Sebenarnya saya kira berbagai macam topik bisa secara paralel dapat terus
didiskusikan disini ....tanpa harus pindah-pindah.... Cuma entah ya kok kadang2
Cuma saya sendiri yang ngoceh ya? .... kadang malu juga sih (tapi kadang
dableg juga ya.. hehe..).......
Kadang terpikir juga kalau hanya 1 macam topik saya gali terus berkepanjangan
.. takut membosankan .. atau takut nanti ada yang capek.... tapi sebaliknya
posting yang ditulis terlampau panjang ... biar cepat selesai ... nanti
sekedar bacanya saja ... juga sudah ada yang gak sempat katanya ... dsb...

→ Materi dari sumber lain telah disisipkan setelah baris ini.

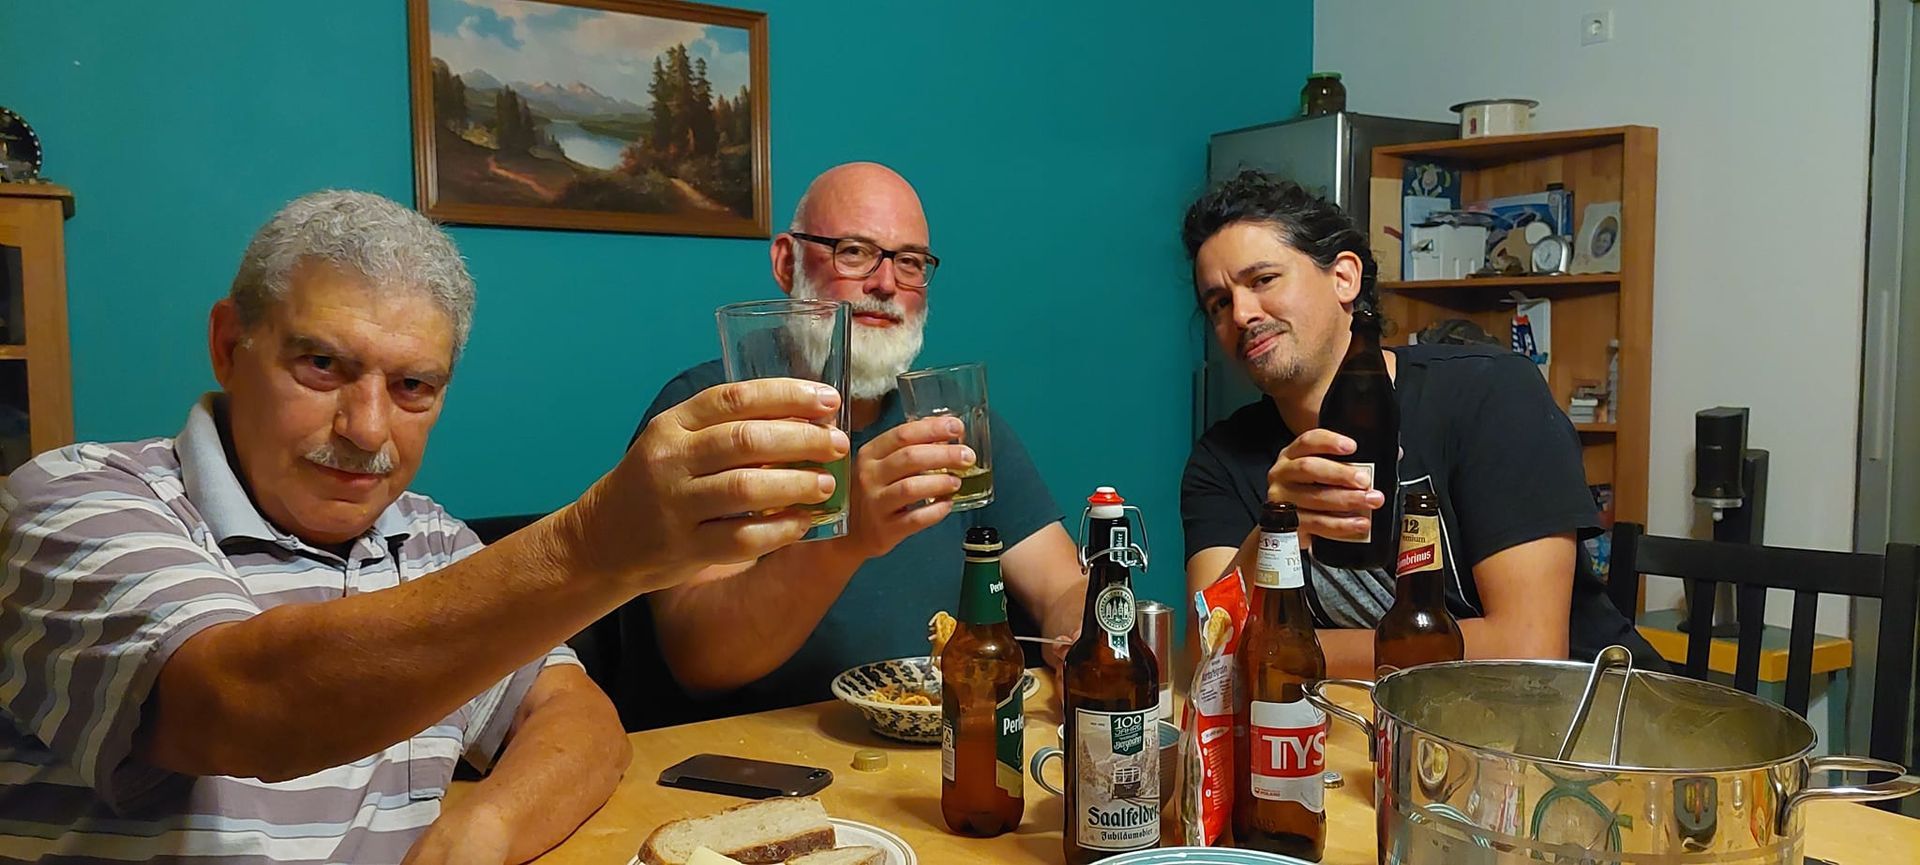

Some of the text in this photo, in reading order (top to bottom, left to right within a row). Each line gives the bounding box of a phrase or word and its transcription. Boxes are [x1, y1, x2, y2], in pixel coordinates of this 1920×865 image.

[1403, 518, 1420, 534] 12
[1113, 714, 1142, 730] 100
[1262, 731, 1326, 770] TYS

yah.. memang repot juga .. hehe...
Kalau kadang saya loncat ke topik lain... bukan apa pak Onnos... ini
sebenarnya sekedar masalah tarik napas saja sedikit ... untuk ngaso sebentar
... sebab kadang energinya atau waktunya sedang kurang memungkinkan ....
Sementara itu kalau sekedar forward-forward saja khan buat saya enteng..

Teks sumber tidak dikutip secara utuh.